HOWEVER we have a popular discount online reef and general aquarium supply outlet allegedly misinforming aquarium keepers in one of their videos (about fish feeding) that heater malfunction is one of the top two reasons for total aquarium failure.
This sadly shows a total lack of experience or use of mentoring by these persons (I myself was mentored by many & still am), but worse IMHO is this is irresponsible to scare aquarium keepers WITH SUCH BAD INFORMATION!
This has led to another popular concept of late, heater controllers.
My question though is WHY?
Is the aquarium keeper purchasing a heater that is so inaccurate that this is the only way to keep a heater working correctly?
The facts are that even the best of heaters have some variances, but these are quickly figured out thus requiring a slight change in setting of the pre-set number. Example setting the heater at 78F results in 76F, so turning the heater up slightly to 80F keeps it at 78F; PROBLEM SOLVED!
Now if the reason for this controller is because of use of a heater in a separate module, this will only address the poor temperate regulation issue of using such a component creates, it does not address the aspect that these shorten an aquarium heater's lifespan due to poor circulation.
If the reason for using these controllers is to prevent catastrophic over heating, well I already addressed this incorrect assumption for a properly installed heater. Most failures, by a large margin, result in the heater simply ceasing function, so is the controller going to rush out and purchase you a new heater???
In the end, this so-called new new idea/trend strikes me as another version of the must have a RO/DI system over a good RO only system shilling myth to part you from your money.
By following some bullet points, catastrophic failures should be a VERY rare occurrence.
- Do not "over watt" you heater. By doing this, then a relatively rare "stuck on" heater occurrence happens, the potential for disaster is much higher.
Better is to use the formula I provided or even consider multiple heaters to reach the wattage that maintains correct temperature.
This is the NUMBER ONE reason for catastrophic failure
- Leaving the heater partly out of the water when changing water. This will damage the heater, often with the problem caused by this damage not showing up immediately.
- Similar to above, most modern submersible heaters are designed to function FULLY SUBMERSED! This means if the heater is partially exposed to air (often via evaporation), the heater will often fail to regulate temperature correctly
- Not protecting the heater for destructive fish than can damage the heater such as by undermining a rock that then falls on the heater.
- Poor Water circulation around the heater.
- Poorly positioned heaters. While many heaters can be both vertical or horizontal, I have found that vertical is still best and with some poorly sealed heaters, A MUST!

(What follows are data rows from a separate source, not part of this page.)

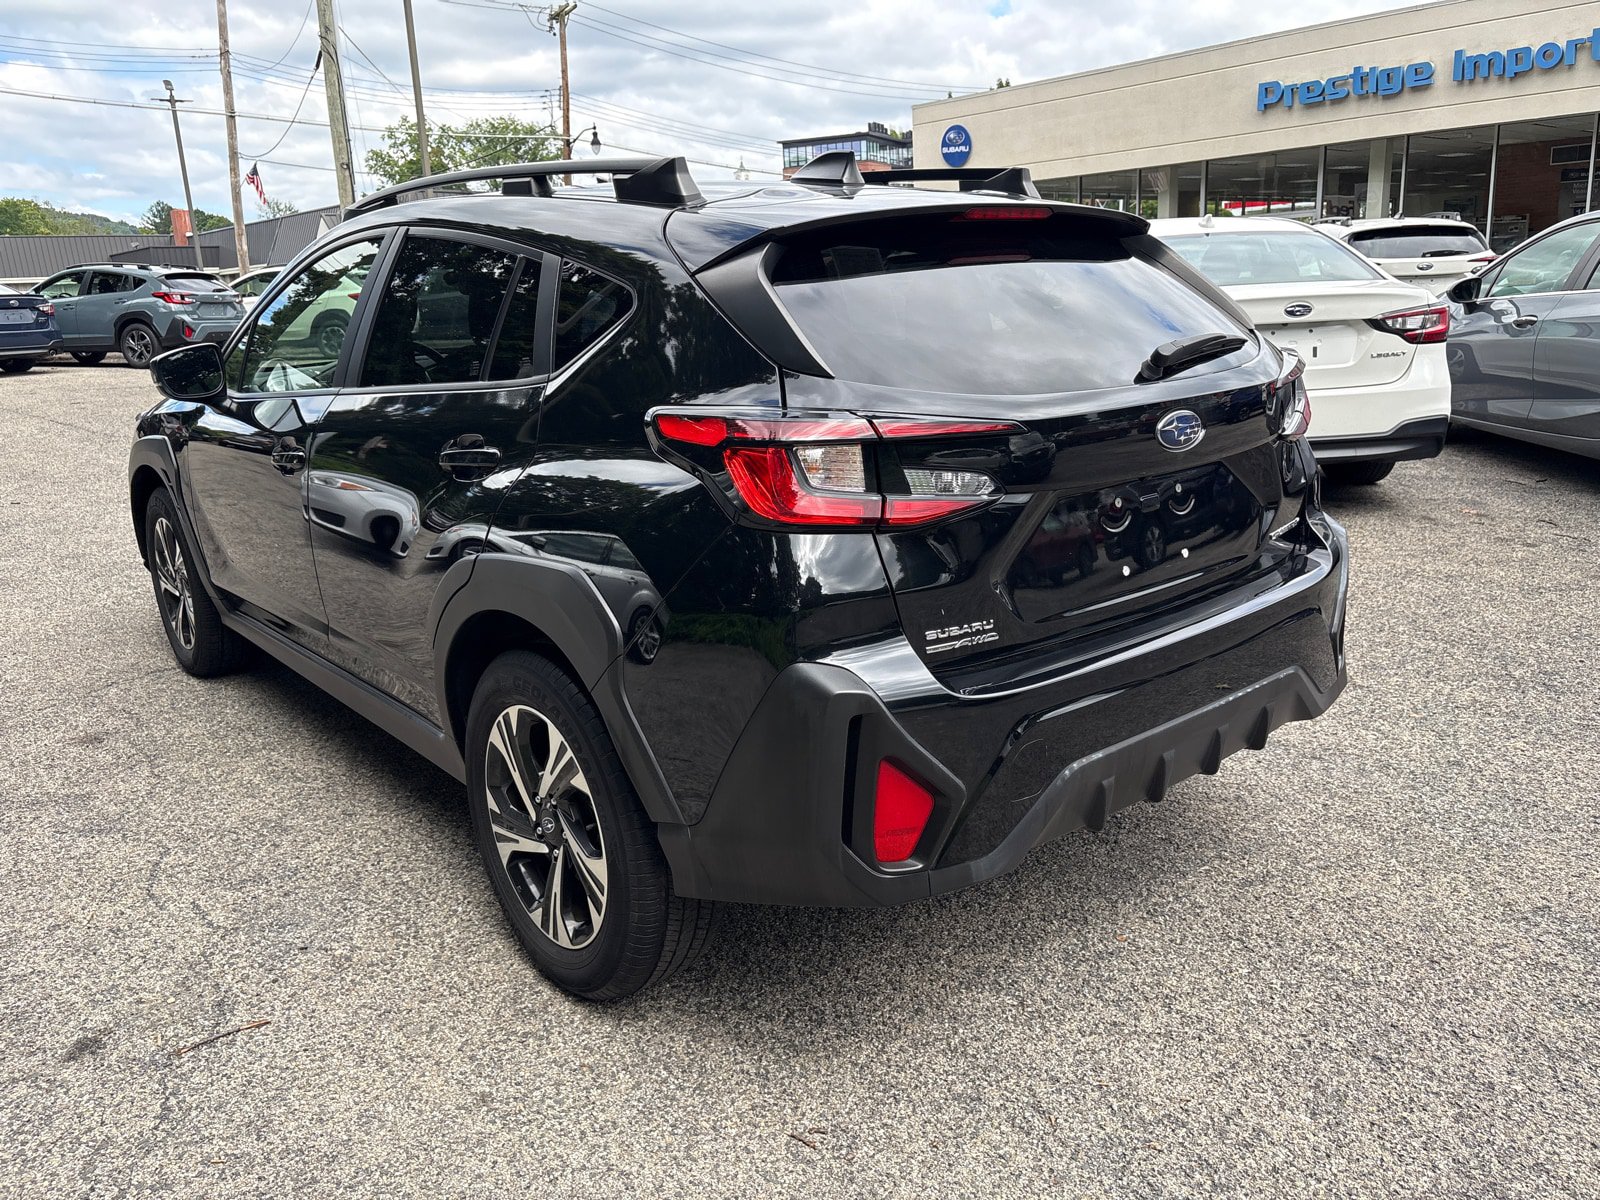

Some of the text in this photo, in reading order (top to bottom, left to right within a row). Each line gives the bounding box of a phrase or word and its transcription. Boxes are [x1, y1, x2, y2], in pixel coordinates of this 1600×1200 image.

[1257, 60, 1436, 112] Prestige
[942, 145, 969, 154] SUBARU
[1370, 351, 1407, 359] LEGACY
[925, 619, 994, 640] SUBARU
[954, 632, 999, 648] AWD

- As pointed out later in "In-Line Heater Modules" section, these do not allow for optimal heater function. I do not care what brand, including DIY (as I too attempted to build one), these WILL AND DO lead to premature heater failure, although admittedly not always catastrophic.

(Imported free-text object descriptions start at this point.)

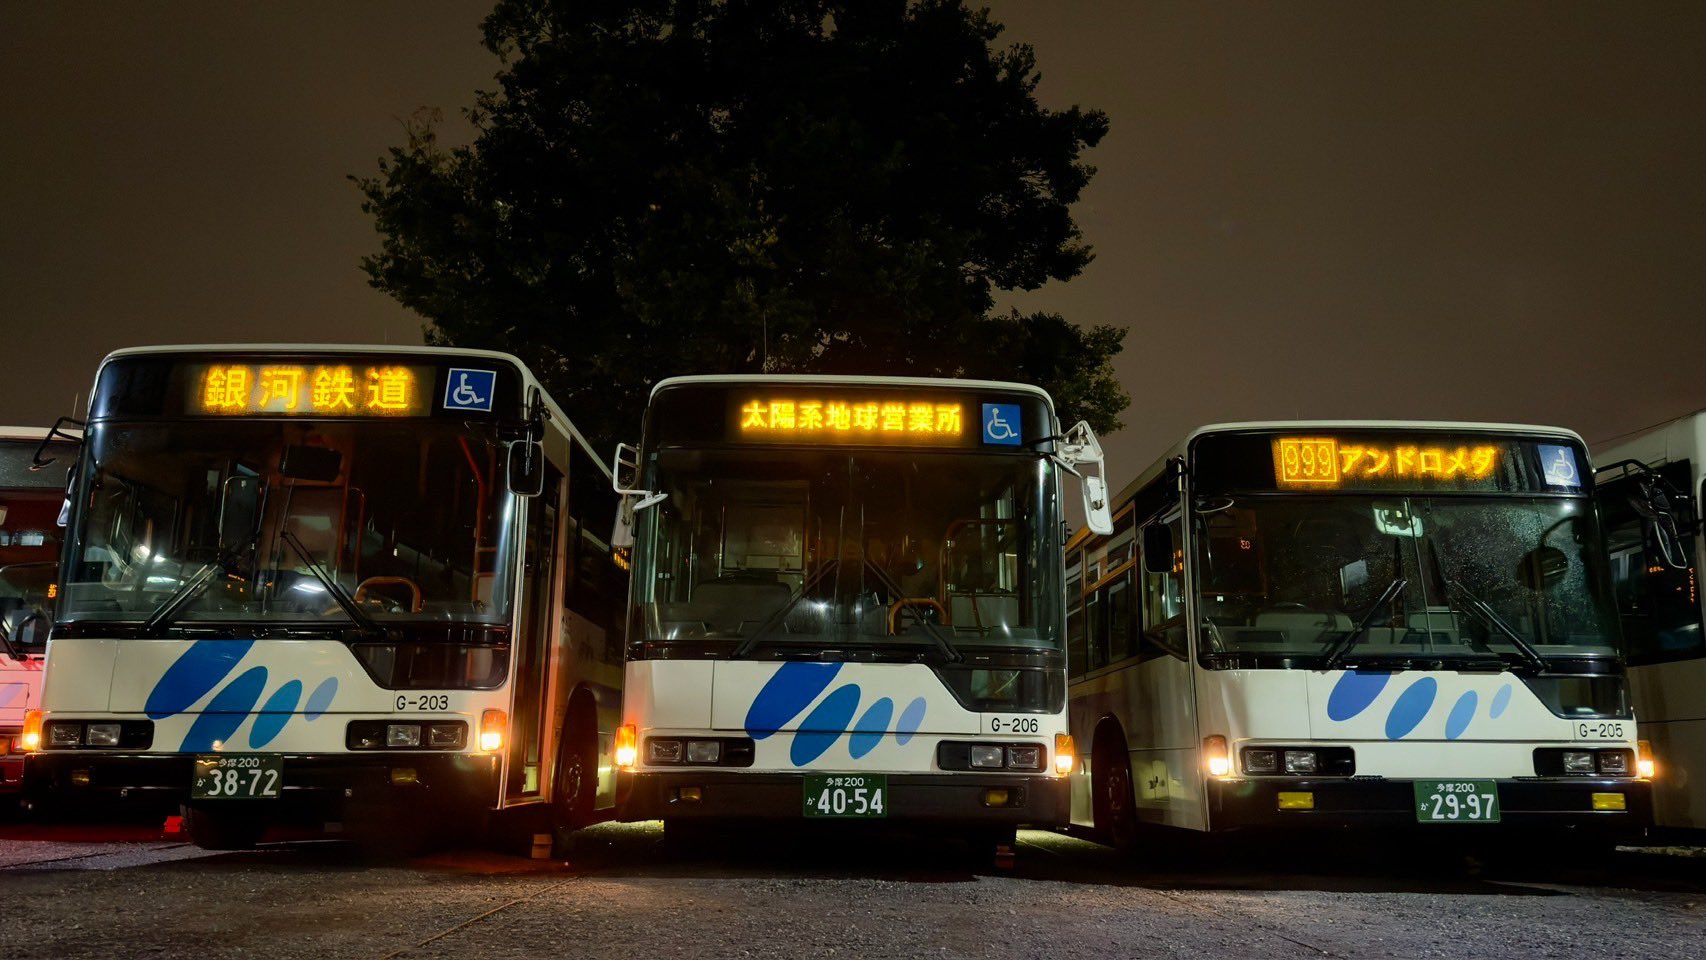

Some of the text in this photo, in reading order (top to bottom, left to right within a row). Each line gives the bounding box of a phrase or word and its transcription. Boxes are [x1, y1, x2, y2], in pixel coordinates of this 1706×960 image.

[205, 369, 409, 409] 銀河鉄道
[742, 402, 961, 432] 太陽系地球営業所
[1285, 445, 1496, 476] 999 アンドロメダ
[396, 695, 449, 710] G-203
[991, 717, 1038, 733] G-206
[1579, 723, 1623, 738] G-205
[207, 769, 278, 796] 38-72
[817, 788, 883, 814] 40-54
[1430, 794, 1495, 819] 29-97

- While a bit more subjective, as well as constantly changing due to new heaters constantly emerging; poor heater quality is certainly an issue.
So trying to save a few dollars by shopping at discounters such as Amazon, is not worth the potential problems. Stick with proven heaters such as the Via Aqua, Ebo Jager, Tronic, and others.
- As a summary, I can categorically state based on experience with literally 1000s of aquarium heaters, that most all failures can be traced back to user error (this included my own).
Even minor problems of too warm one day and too cool another is often the result of poor placement, poorly sized heaters, not properly submersed, use in an inline heater module, etc.
PRESET HEATERS; Thermostatic (Analog) Submersible Glass or Quartz Heaters:
The Thermostatic or Preset Heater has a built in analog thermostat (or a remote sensor, as is common in many titanium aquarium heaters).
These heaters may use a thermostat, usually monitoring the impedance of a thermistor (a resistor used to measure temperature changes in the aquarium, relying on the change in its resistance with changing temperatures), OR the potential across a thermocouple (a temperature sensor used to measure electric potential difference).
As noted at earlier, most Pre-Set Submersible Glass Heaters have some variances, however that said the biggest difference between different brands is not this variance, but in quality of durability, price, and even manufacture return policies.
I have used MANY different heaters over the years in my service business (the numbers are literally in the 1000s) and what often happens is the heater either ceases to work or the variance becomes greater. As well, many of the name brand Heaters are often no better with this than others.
An example would be the excellent Hagen Tronic Heater, which is an excellent and durable heater, but it is more costly than the Via Aqua, SunSun or other lesser known brands of often equal or even better quality.
Another problem I have found is that some excellent heaters such as the Ebo Jager have difficult return policies whereby I could not accept a customer return directly to me, rather I had to send these directly to their manufacturer all the while the customer was without their heater. This is the reason I ceased recommending these heaters for my clients (not because of frequent quality issues; but lets face it, even the best heater fails occasionally).
Recommended Quality Heater Product Resource:
There are many models of aquarium heaters available today that are available preset or with a temperature gauge on the side of the heater or on the control knob to help the aquarist set the temperature, most all of these heaters are completely submersible as well.
These Submersible Thermostatic Heaters should be kept under water or NO higher above water than the minimum water line mark that most of these heater have, generally about 2-4 cm below the top of the heater. There is some confusion that these heaters cannot be submerged totally, however I have never used or found a brand of Pre-set thermostatic glass/quartz submersible heater that this is a problem.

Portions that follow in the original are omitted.